Лететь к ней в тмутаракань, куда-то в сектор у созвездия Рыб, около двух месяцев дежурным транспортом центра. Сектор малоисследованный, устойчивых переходов к планетным системам кот наплакал. Можно на полгода застрять из-за флуктуаций и звездного ветра. А связь благодаря эффекту Гойца-Майрика и квант-ретрансляторам – мгновенная, с миллисекундной задержкой.
Словом, мы мило общаемся.
Я сажусь у монитора. Настраиваю камеру. Загорается зеленый огонек абонента.
– Это Игорь, – говорю я. – Код ноль-ноль-один, ЦСО «Кембер», системный оператор.
– Это ноль-один-два, автономный исследовательский модуль, «Гиба», – отзывается Ирка. – Прием.
– Как дела? – спрашиваю я.
– Хорошо, как всегда, – отвечает Ирка. – Прими отчетность.
Раньше мы обменивались, в основном, текстовыми сообщениями. Но это оказалось совершенно некомфортным для нас обоих. Ирка пишет быстро, я успеваю строчку обдумать и набрать, когда у нее уже готов текст на полстраницы. А потом печатные строчки часто не могли передать то, что мы друг к другу чувствовали.

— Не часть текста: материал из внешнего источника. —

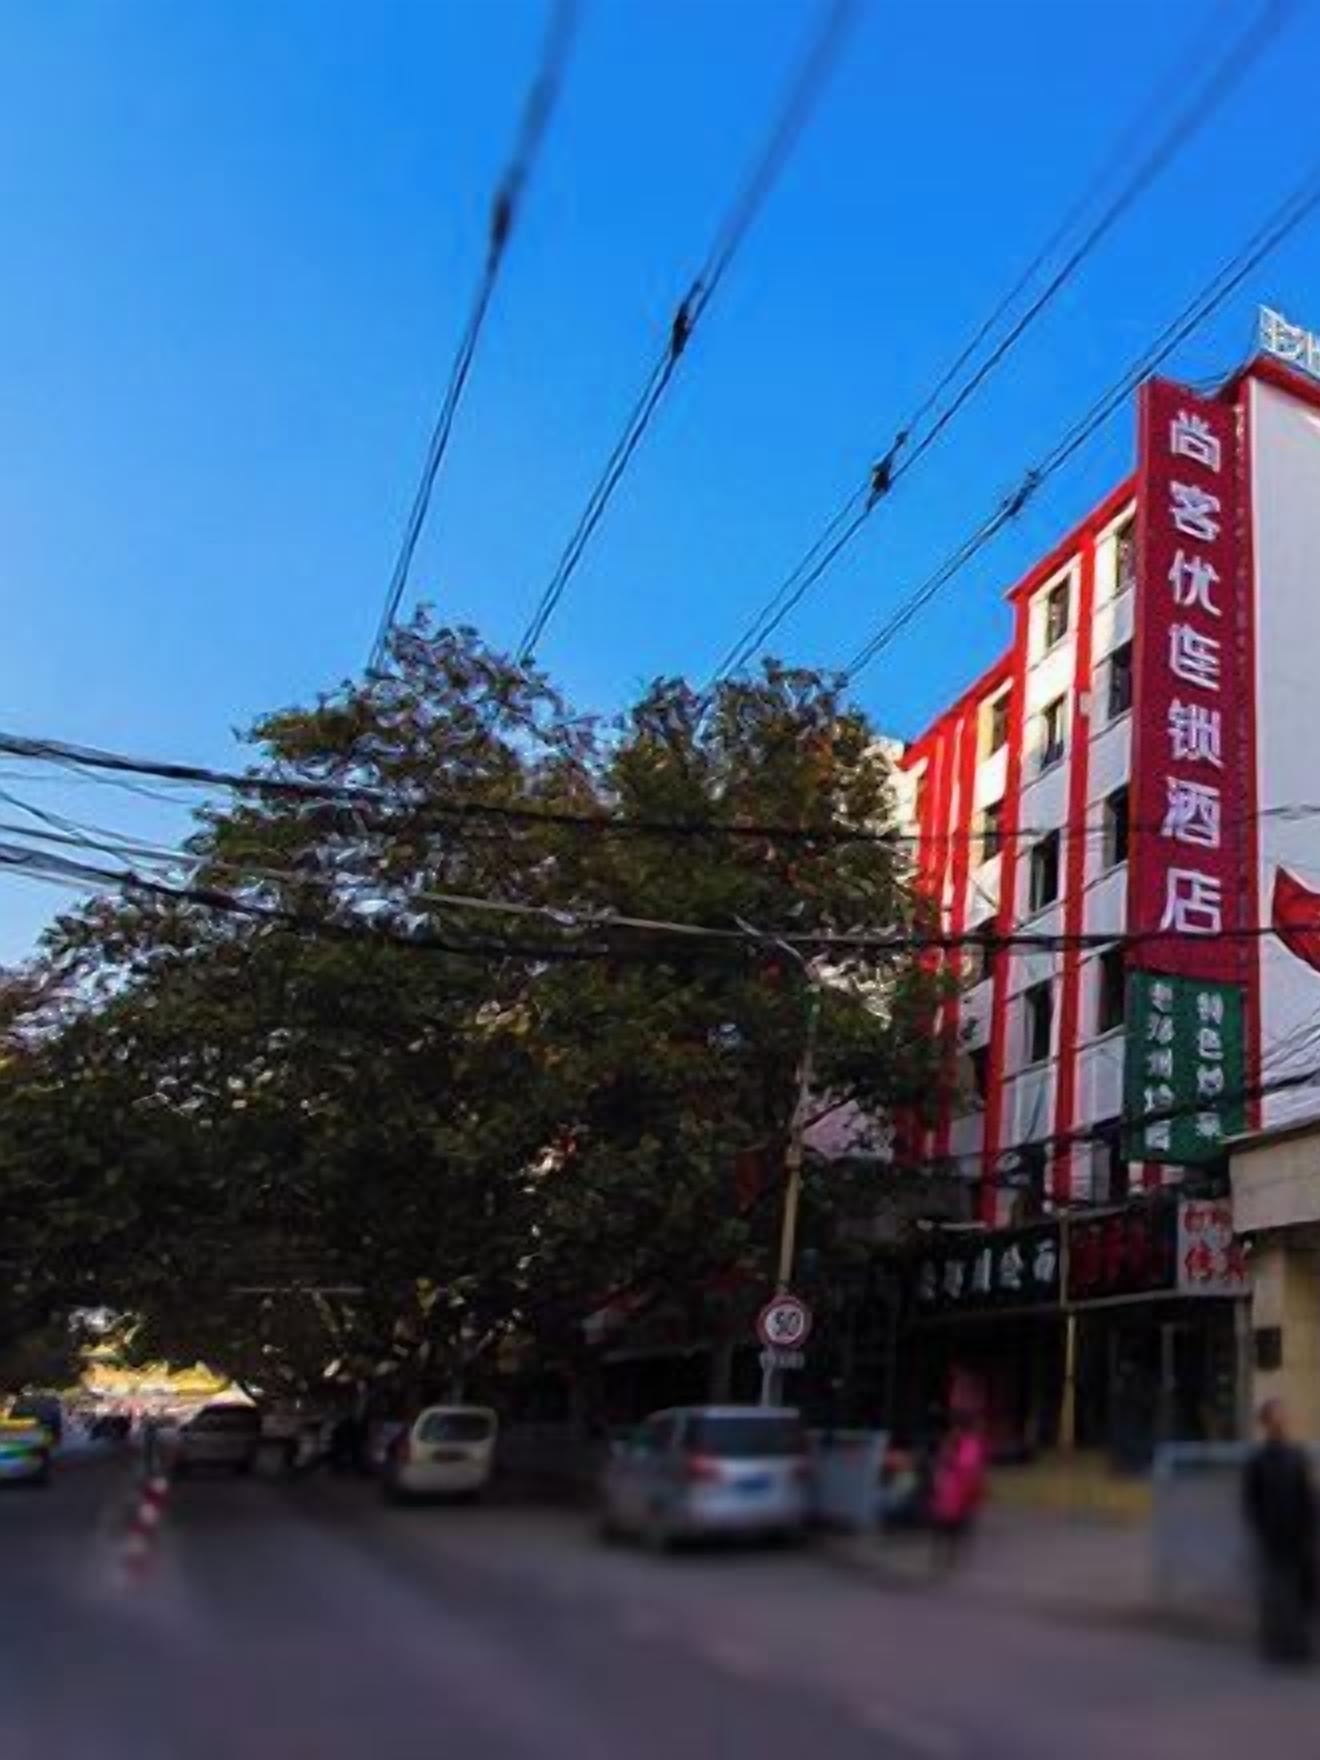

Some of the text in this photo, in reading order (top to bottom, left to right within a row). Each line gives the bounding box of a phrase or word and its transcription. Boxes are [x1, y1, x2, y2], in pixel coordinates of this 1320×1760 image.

Поэтому мы задействовали голосовой и визуальные модули. Визуал часто барахлит, но я привык, что Иркино лицо во время сеанса замирает или забивается полосами помех. Главное, я ее видел.
И слышал.
Голос у Ирки – с легкой картавинкой. Картавинка то пропадает, то появляется, и это придает ее речи особенную прелесть.
– Какой массив? – спрашиваю я.
– Семьдесят петабайт, если округлить, – отвечает Ирка. – В основном, исследования почвы, минеральный состав приполярных областей, наброски к морфированию.
– Хорошо, принимаю.
Загрузка выскакивает в отдельном окошке на мониторе. Петабайты проносятся из конца в конец окошка пучком зеленых электронов.
– А как сама? – спрашиваю я.
Ирка приближает лицо к объективу камеры. Ее глаз на мгновение занимает все доступное пространство.
Глаз – серо-зеленый.
– Что, плохо выгляжу?
Я улыбаюсь.
– Нет. Вижу даже, постригла челку.
– А, это, – Ирка кокетливо взбивает волну рыжеватых волос, – внесла некоторое разнообразие. Тебе нравится?
– Очень, – говорю я.
Ирка смущенно краснеет.
– А у нас здесь одни базальты, – говорит она. – Вулканической активности миллионов двести как нет, почва состоит из кремнезема, оксидов железа, алюминия и магния, в избытке фтора и фосфора.
– Скучно?
– Ну, немного, – вздыхает Ирка. – Но ты не думай, что я совсем уж скучаю. У меня два десятка проектов. Три лаборатории, спасательная станция, энергетика, роберы, оксигенные микроорганизмы, наблюдение звездной активности…
Я снова улыбаюсь.
– Я знаю.
– Ах, да, – Ирка поворачивается в кресле, демонстрируя панель с датчиками во всю стену у себя за спиной, – тогда я покажу тебе вот что.
Откуда-то снизу она достает планшет и направляет его экраном ко мне. На планшете – картина: темно-оранжевые горы, красный песок, резкие тени и ползущий вдалеке желтый модуль. След от гусениц похож на выдавленные в песке ступеньки. Небо – серо-стальное, голубоватое, мятое, словно летящий по ветру шарф. Цвета избыточно ярки, линии густы и не имеют строгости.
– Экспрессионизм? – спрашиваю я.
– А похоже? – спрашивает Ирка, с удивлением заглядывая в планшет.
– Наверное. Не силен. Настроение души?
Ирка смеется.
– Хочешь, подарю?
– Давай, – киваю я.
Приемник звякает. Принтер, шурша и пофыркивая, начинает печатать картину в большом разрешении. Иркино лицо прорезает косая линия помех.